瘉のてーきほーこく!
文香ちゃんと大事な"口約束"を取り付けて3日・・・
『そろそろ"アレ"しないといけないんだよねぇ・・・』
そう、ウチら【天使】に課せられている"義務"の[定期報告]をしないといけないのです。
『正直、"口約束"だけだと弱いんだよねぇ・・・』
ウチに課せられた本当の使命、【悪魔】を【天界】の味方につける事━━
『やっぱり、"おねぇ様"の協力も必要だよねぇ・・・』
そう、報告として上げるには、【堕天】の真琴おねぇ様の協力を取り付ける位しないとね・・・
『そうと決まれば・・・』
ウチは真琴おねぇ様を探して学校の中をウロウロしてみたけど、何故か今日に限っておねぇ様は見つからなくて━━
『何でぇ・・・?』
文香ちゃんも見つからないし、どうしよう・・・うう、負けるなウチ・・・
「瘉、あたしを探してたんだって〜?」
ひょっこりと真琴おねぇ様が目の前に現れて・・・はい、今おねぇ様に見つけてもらいました・・・
『おねぇ様にお願いがあるんですよォ〜』
とりあえず、ちょっと甘えた口調ですり寄っていく。すりすり・・・
「ちょ、ちょっと何なの!?」
驚いてるおねぇ様をそのまま引っ張るようにして連れ出す。
(『大事なお話があります、アモーネさん達に聞かれたくないのです』)
小声でそう言って、ふたりで学校を抜け出して街に向かって歩き出して━━
「それで?どんな話なの?」
いつもの喫茶店では無い甘味処でおねぇ様が話を切り出してくれました。
『おねぇ様は愛瑠とアモーネさんの事をどれ位聞いてますか?』
まずは、聖魔大戦を知っているかどうか・・・そこから確認しないといけないよね?
「それって、何で愛瑠がアモーネに懐いてるのかってコトだよねぇ・・・」
そのおねぇ様の様子を見れば分かります。すでに知ってるんですね・・・
『実は、【天界】には愛瑠のした事が知られています』
ピクリ。おねぇ様の肩が揺れた。やはり知っていましたね・・・
『大丈夫ですよ、その件で愛瑠に罰が下る事は有りませんから』
少し訝しげなおねぇ様・・・その何処か物憂げな表情もステキな━━
『(。゜ω゜) ハッ!・・・そ、それでですね・・・』
ウチはおねぇ様に自分が【人間界】に来た本当の理由、【天界】からの指示について話しました━━
『と、言うわけです』
おねぇ様なら、あの二人を見てきたおねぇ様ならきっと━━
「瘉、その話を愛瑠にした?」
思いもよらない反応。決して悪い話では無いはずなのに、どうしてそんなことを聞くんですか?

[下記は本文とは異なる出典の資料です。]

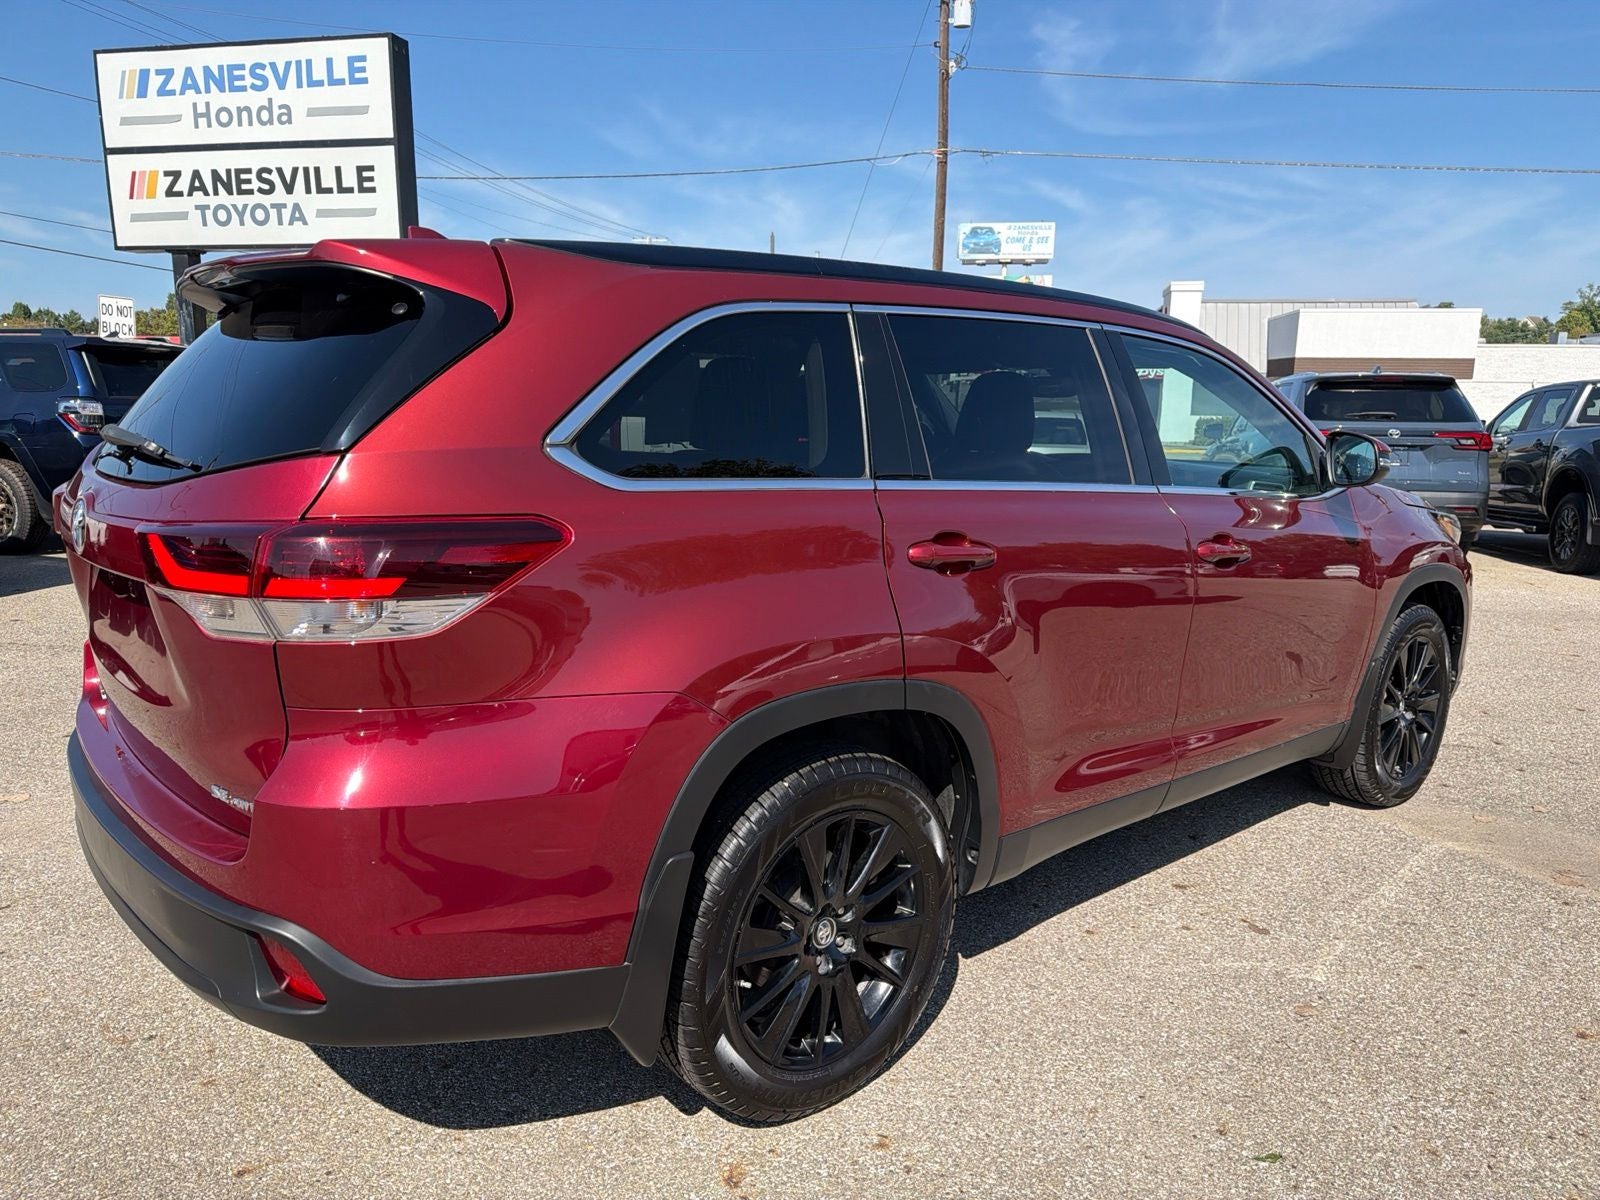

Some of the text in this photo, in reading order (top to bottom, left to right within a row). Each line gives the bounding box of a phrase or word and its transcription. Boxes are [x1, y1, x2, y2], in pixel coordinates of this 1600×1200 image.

[155, 55, 369, 97] ZANESVILLE
[192, 98, 293, 129] Honda
[162, 165, 377, 198] ZANESVILLE
[194, 202, 309, 228] TOYOTA
[1006, 236, 1026, 244] COME
[1037, 236, 1050, 244] SEE
[101, 303, 133, 318] DO NOT
[102, 321, 134, 336] BLOCK
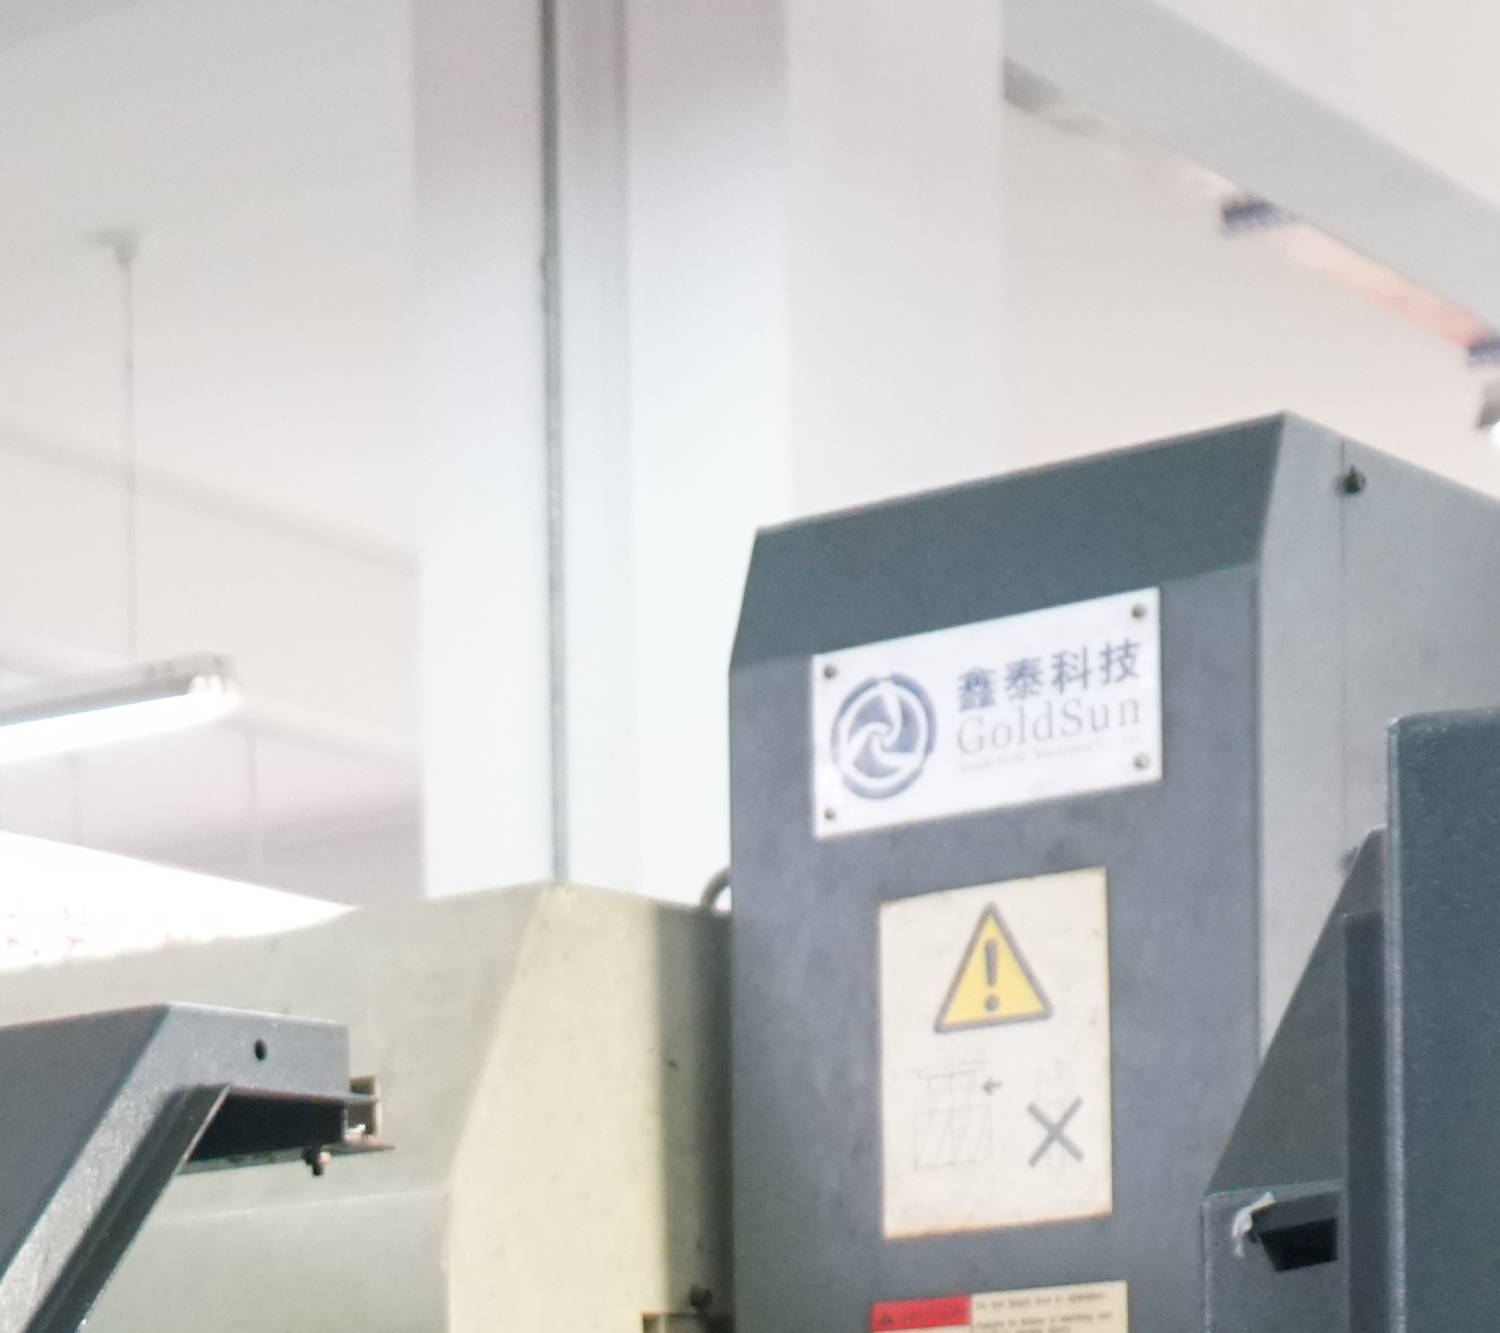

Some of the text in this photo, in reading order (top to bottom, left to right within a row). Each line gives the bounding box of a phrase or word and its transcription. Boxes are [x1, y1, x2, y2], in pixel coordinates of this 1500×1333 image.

[957, 638, 1141, 711] 鑫泰科技
[957, 695, 1141, 756] GoldSun

「まずは全部、包み隠さずに愛瑠に話しなさい・・・アモーネにも」
え?いや、そんな事したら━━
「本気で味方につけたいなら、本気で信じてもらえなければいけない」
おねぇ様の言葉は頭では理解できる。
「だったら、まずはあんたが本気で相手を信じなさい」
でも、相手は【悪魔】━━
「信じることも出来ない【悪魔】を味方につけたいなんて寝言は寝てから好きなだけ言いなさい」
そう言って、おねぇ様は伝票を持って席を立ってしまいました。
『あっ、おねぇ様待って━━』
そのまま、おねぇ様は店を出ていってしまって・・・
『どうして?どうしてこうなるの・・・?』
【天界】からの指示は、"間接的に該当の【堕天】達を味方に引き入れること"なのに━━
ガックリと肩を落として店を出ると、おねぇ様が店の前に立っていました。
「まあ、アモーネの事だから、まともに話しても聞くわけ無いからね・・・」
おねぇ様がウチの肩にぽん、と手を置いて・・・
「あたしがするのはあんた達が敵同士にならないように手伝うだけだからね」
ああ、やっぱり、おねぇ様はステキな人でした━━
『はい、ウチ、頑張ってみます・・・信じてもらう為に信じてみます』
目に浮かんだ涙でよく見えなかったけど、おねぇ様は微笑んでくれているみたいでした。
━━[定期報告]━━
該当の【堕天】は非常に気紛れな性分であり、直接的な懐柔は効果が薄いと思われる。
目的達成の初段階として、【天界】若しくは【天使】に対して"敵対しない"方向性に誘導する方針に決定。契約者の協力も見込み有り。
後の経過は状況の確定時に追って報告する。